Hemky Madera (born January 26, 1977) is an Dominican actor. He began his acting career in the Dominican Republic television production Grandes Series Dominicanas in which he took the leading parts of the mini-series En La Olla and Trio en Alta Mar, both by Dominican director/producer Alfonso Rodríguez. He also played Mr. Delmar in Spider-Man: Homecoming and Carlos in Netflix original Kaleidoscope.

==Life and career==
Madera was born in Queens, to Luis and Gisela Madera. He was born prematurely when his mother came to visit relatives in New York, and his family then moved him back to Santiago, Dominican Republic. After college, he decided to act full-time and moved to New York City where he worked on the production of The Bookie's Lament (2000) with Gabriel Macht, but later returned to the Dominican Republic, where he starred in the mini-series Asalto en la Lincoln as well as in the sitcoms Ciudad Nueva and Los Electrolocos, in which he took the lead.

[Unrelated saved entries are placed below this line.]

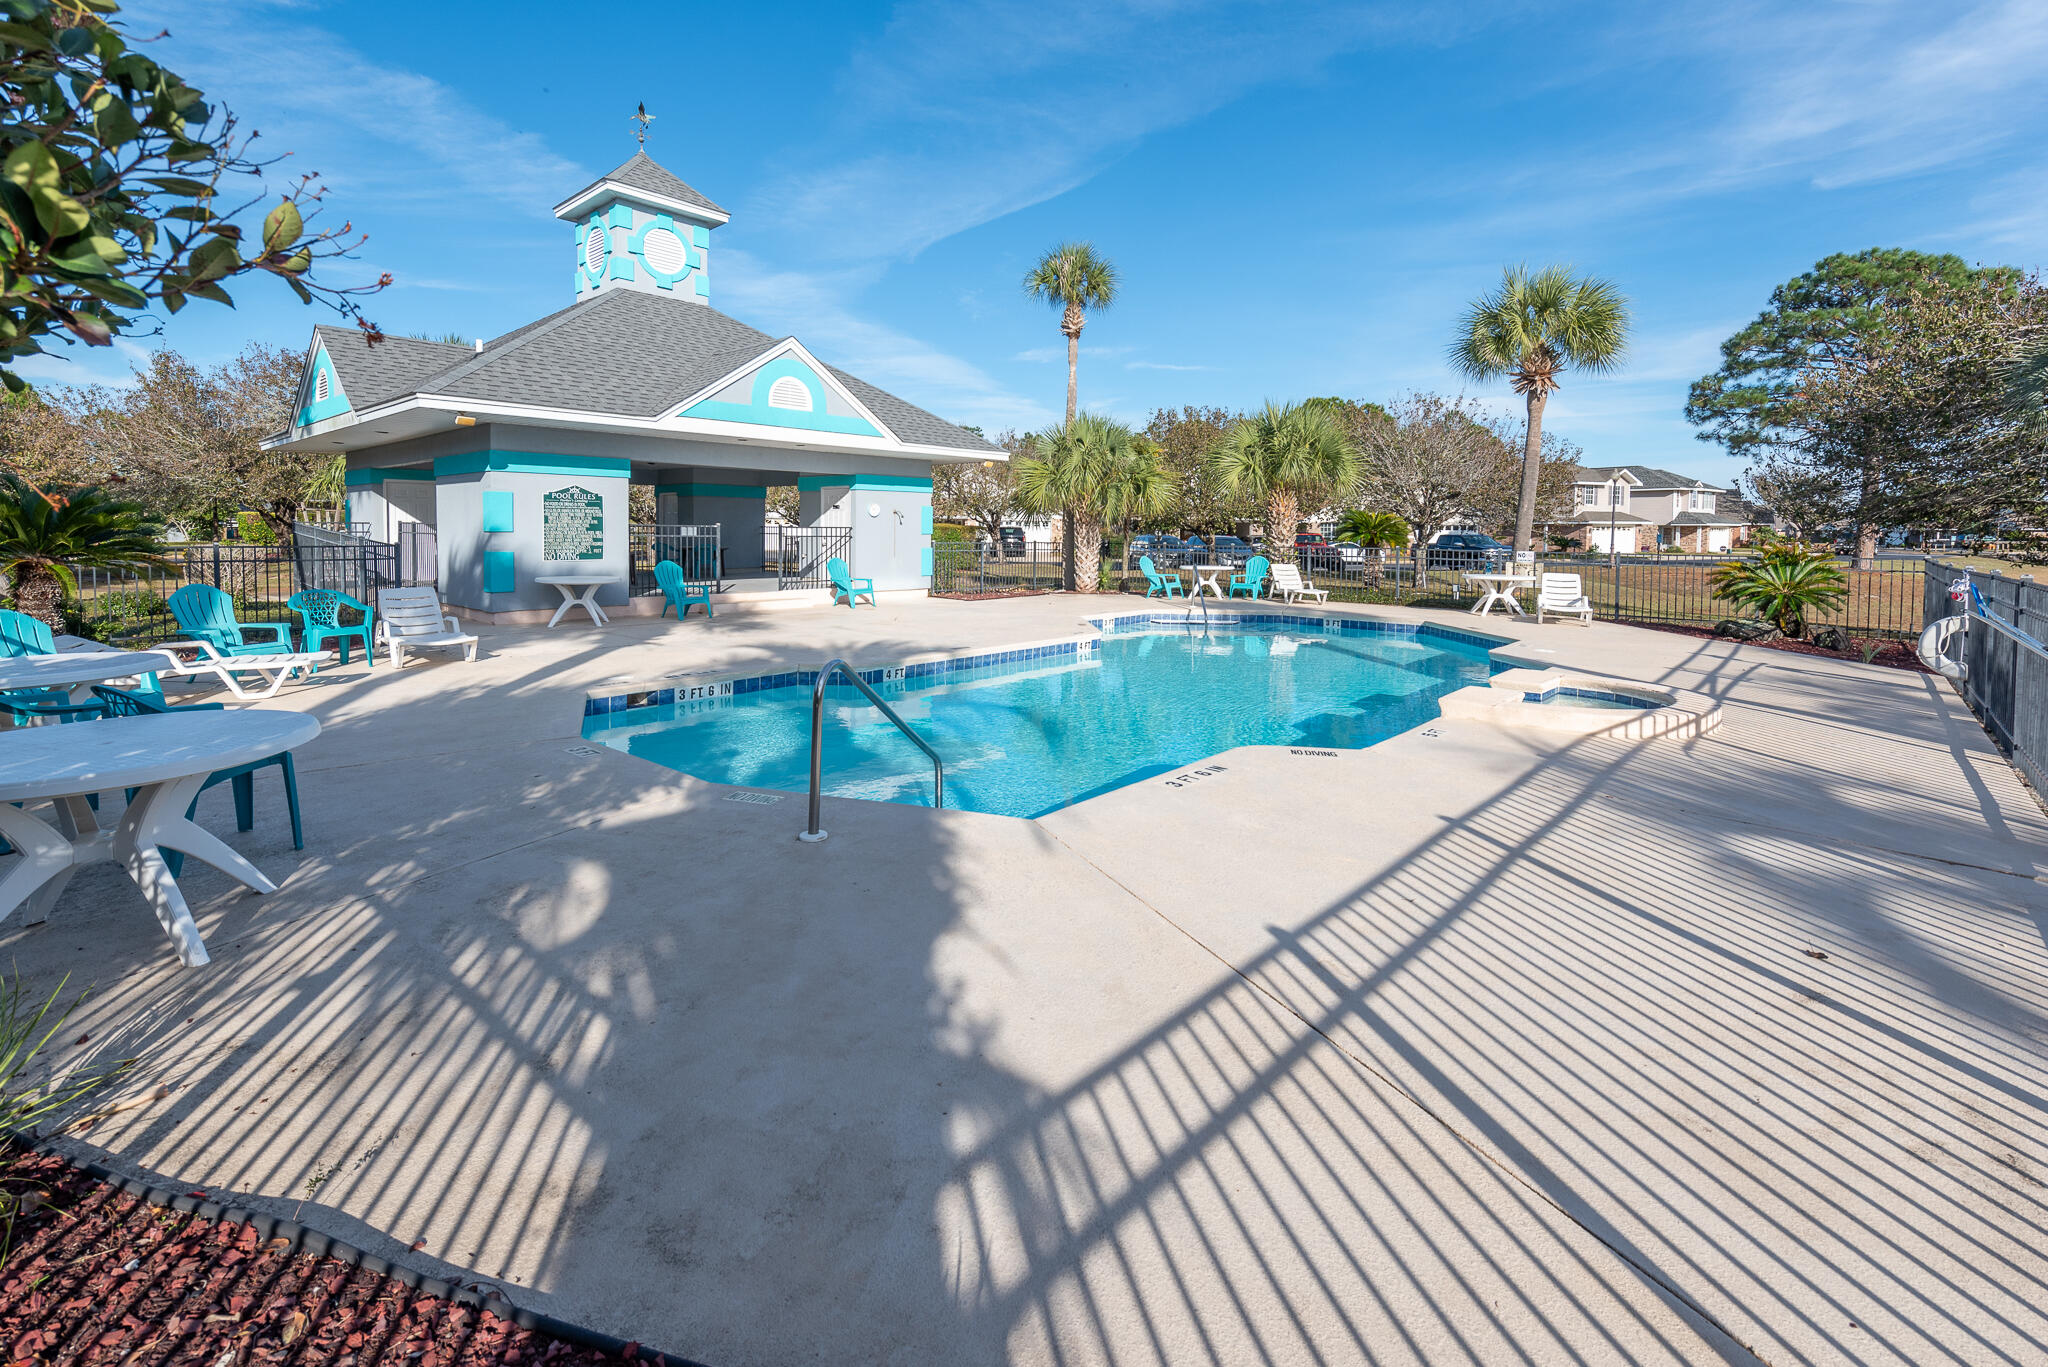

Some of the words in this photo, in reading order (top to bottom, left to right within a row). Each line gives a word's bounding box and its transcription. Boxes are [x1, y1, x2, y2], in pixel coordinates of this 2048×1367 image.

[545, 552, 556, 560] NO
[557, 552, 580, 560] DIVING
[885, 669, 892, 680] 4
[679, 689, 686, 700] 3
[708, 685, 715, 697] 6
[720, 682, 731, 695] IN
[1304, 750, 1338, 758] DIVING
[1175, 774, 1200, 783] FT
[1204, 765, 1229, 773] IN

After returning to the United States, he has appeared in the feature films Dreaming of Julia (2003) with Harvey Keitel and Gael García Bernal, in The Lost City (2005) with Andy García, Dustin Hoffman, and Bill Murray, in The Wrath of Cain (2010) with Ving Rhames and Robert Patrick as well as doing voice work in Rango (2011) alongside Johnny Depp amongst others.

On stage, he first appeared in Pantallas at Santo Domingo's Great National Theater. In the United States he has appeared in Inverse Theater's production of Icarus and Aria and the New York Spanish Repertoire's production of Feast of the Goat as well as assorted other stage productions, i.e. Life is a Dream, The Mistress of the Inn, Chronicles of a Death Foretold, Blood Weddings, Midnight Brainwash Revival, Burning the Bridges, and Belisa's Capriciousness.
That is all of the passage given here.